• Race discrimination; no adverse action. An African-American employee’s claims of race discrimination and retaliation after he depleted his medical leave following a reprimand were rejected by the 8th Circuit Court of Appeals. The depletion of his medical leave did not constitute actionable “adverse action.” Jones v. City of St. Louis, 825 F.3d 476 (8th Circ. 6/9/2016).
• Rehabilitation Act; disability claim rejected. Another similar 8th Circuit ruling upheld dismissal of an employee’s claims of disability discrimination. Under the Federal Rehabilitation Act, the employer made reasonable accommodations to minimize the worker’s exposure to noxious fumes and the remediated smells did not create an unfavorable work environment.Dick v. Dickman State University, 826 F.3d 1054 (8th Circ. 6/23/2016).
• FMLA; no discriminatory intent. An employee’s claim of interference under the Family & Medical Leave Act (FMLA) was unsuccessful. Because she voluntarily agreed to work at home and there was no discriminatory intent, the 8th Circuit upheld dismissal of her lawsuit.Massey-Diez v. University of Iowa Community Medical Services, Inc. 826 F.3d 1149 (8th Circ. 6/27/2016).
• Whistleblower claim; federal preemption. A whistleblower claimant also was rebuffed by the 8th Circuit. The claim by a flight paramedic that he was improperly terminated under state law for reporting federal air safety regulations was preempted by the Federal Airlines Deregulation Act. Watson v. Air Methods Corp., 2016 U.S. App. LEXIS 15546 (8th Cir. 8/24/2016).
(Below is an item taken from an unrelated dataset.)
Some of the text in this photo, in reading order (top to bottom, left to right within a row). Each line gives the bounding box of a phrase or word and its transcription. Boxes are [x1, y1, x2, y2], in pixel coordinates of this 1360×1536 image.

• Labor contract; no pay raise extensions. Reversing a ruling of the National Labor Relations Board (NLRB), the 8th Circuit held that an employer was not obligated to continue pay raises for employees under an expired collective bargaining agreement. The expiration of the labor contract negated annual pay raises given during its term. The Finley Hospital v. NLRB, 2016 Minn. App. LEXIS 11695 (Minn. Ct. App. 2016) (unpublished).
• Arbitration award; lack of authority. An arbitration lacked authority to decide a management-labor dispute over changes to a prior-contribution program, which led the 8th Circuit to uphold the vacating of the award. But the lower court erred in rescinding a provision in the agreement increasing the employer’s pension contributions because of the employer’s “inattention” to the wording in the draft of that clause. Silgan Containers Corp. v. Sheet Metal Workers, 820 F.3d 366 (8th Cir. 4/15/2016).
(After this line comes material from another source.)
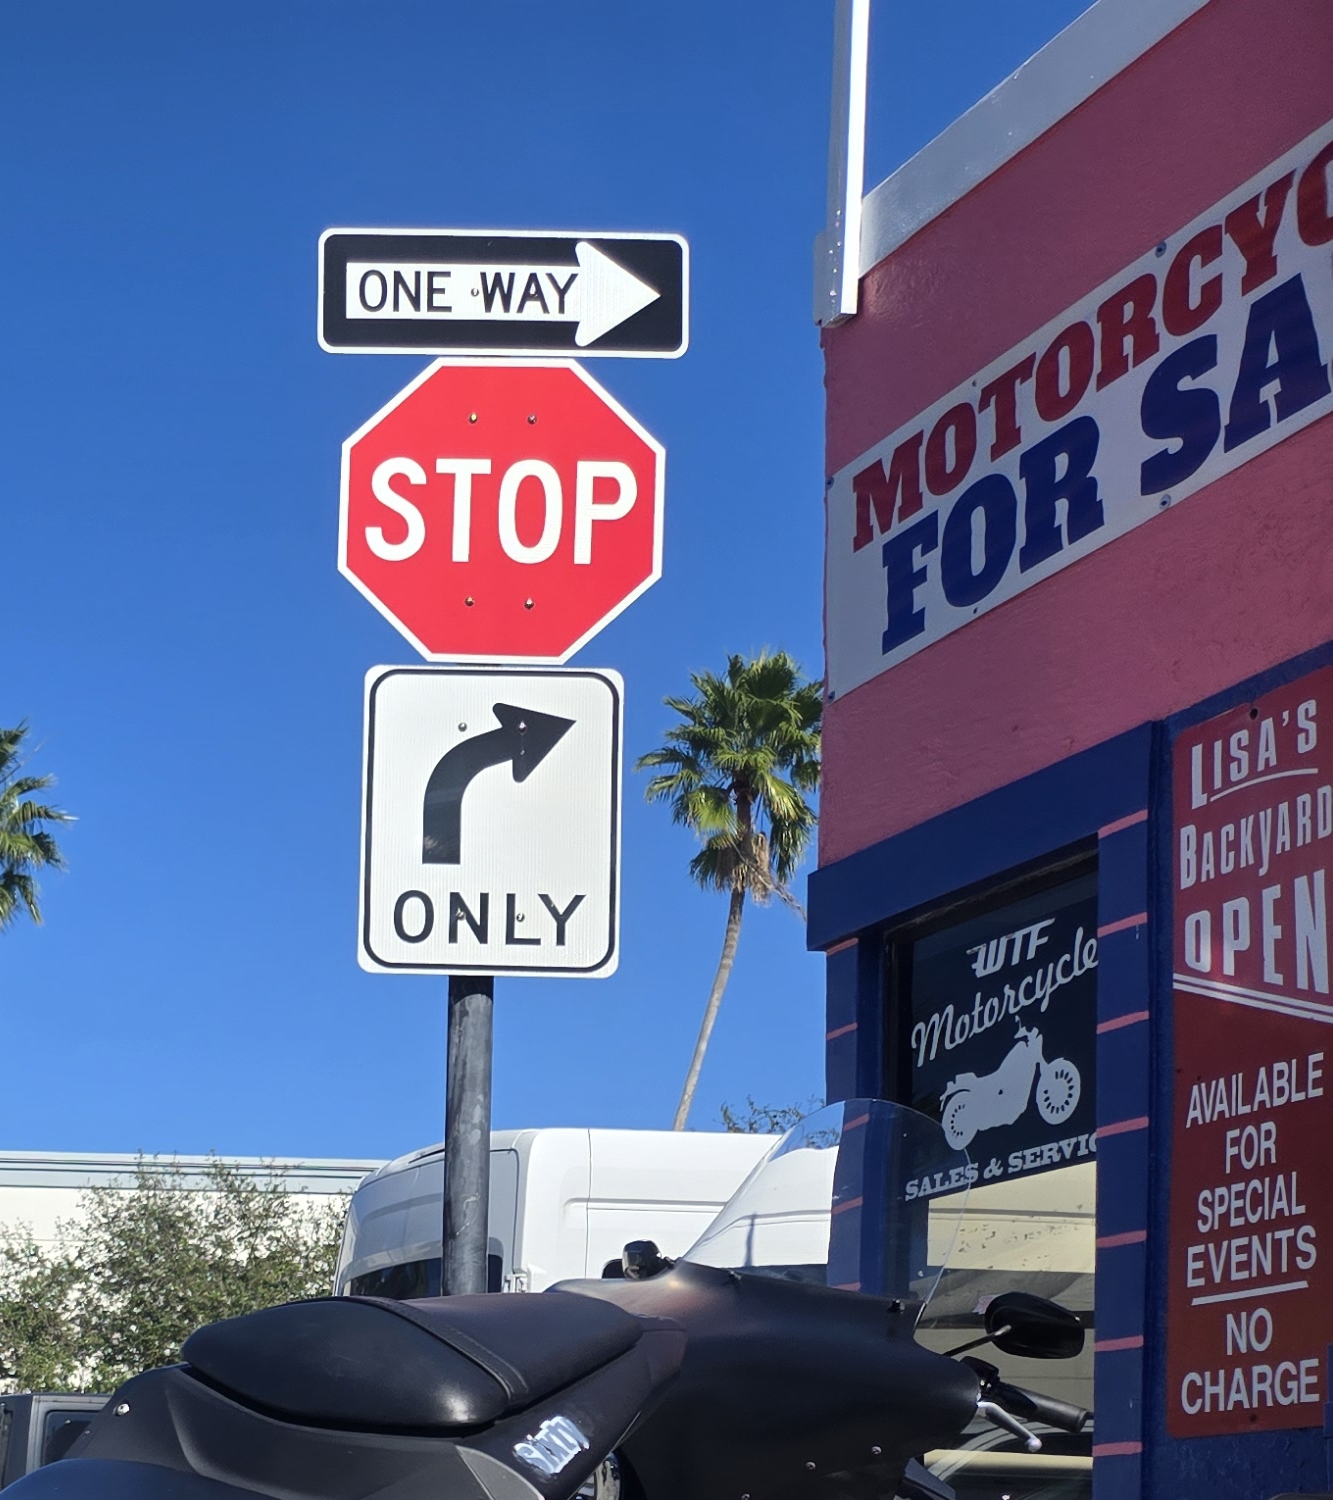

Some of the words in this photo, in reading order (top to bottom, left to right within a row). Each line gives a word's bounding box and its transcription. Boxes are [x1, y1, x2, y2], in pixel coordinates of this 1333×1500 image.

• WARN claim; employees prevail on sale. Employees prevailed on a claim of failure to give the required 60-day notice of a plant closure under the Federal Workers Adjustment and Retraining Notification Act (WARN). The 8th Circuit held that the current employer was liable because its acquisition of the business was more than a sale of assets outside the scope of the Act. Day v. Celadon Trucking Service, Inc., 2016 Minn. App. LEXIS 12365 (Minn. Ct. App. 2016) (unpublished).
• Wrongful discharge; mini FLSA violation. An employee may seek damages for being fired for refusing to comply with an employer’s requirement to share tips because the directive violates the Minnesota mini- Fair Labor Standards Act. The Minnesota Court of Appeals held that the employee may seek back pay and other damages for wrongful discharge. Burt v. Rackner, Inc. 882 N.W.2d 627 (8th Circ. 6/27/2016).
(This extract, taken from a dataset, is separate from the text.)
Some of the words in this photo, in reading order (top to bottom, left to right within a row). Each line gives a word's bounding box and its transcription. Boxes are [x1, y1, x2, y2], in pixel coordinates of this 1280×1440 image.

• Unpaid wages; lack of documentation. An employee’s claim for unpaid wages and unused accrued time off was rejected by the Minnesota Court of Appeals. The employee failed to provide documentation of her services to warrant payment of a statutory penalty under Minn. Stat. §181.13. Gardner v. Accad Services, 2016 Minn. App. LEXIS 704 (Minn. Ct. App. 2016) (unpublished).
• No rehire claim; agreement upheld. A state employee failed in challenging the state’s refusal to rehire her after she resigned and signed a full and complete settlement agreement. The court of appeals held that the “clear and unambiguous” terms of the agreement did not obligate the state to rehire her, and a claim of an oral assurance that she could be rehired was barred by the parole evidence under Hunt v. State of Minnesota, 2016 Minn. App. LEXIS 646 (Minn. Ct. App. 2016) (unpublished).
• Unemployment compensation; two claims denied. The appellate court upheld denial of a pair of unemployment claims.
A comment about killing a co-worker resulted in disqualification of the claimant’s assertion that he was only joking. Brennan v. Lubrication Techs, 2016 Minn. App. LEXIS 700 (Minn. Ct. App. 2016) (unpublished).
An employee who engaged in a competitive business while employed was not entitled to benefits. Anderson v. YUM Design, LLC, 2016 Minn. App. LEXIS 722 (Minn. Ct. App. 2016) (unpublished).
As published in Bench & Bar of Minnesota.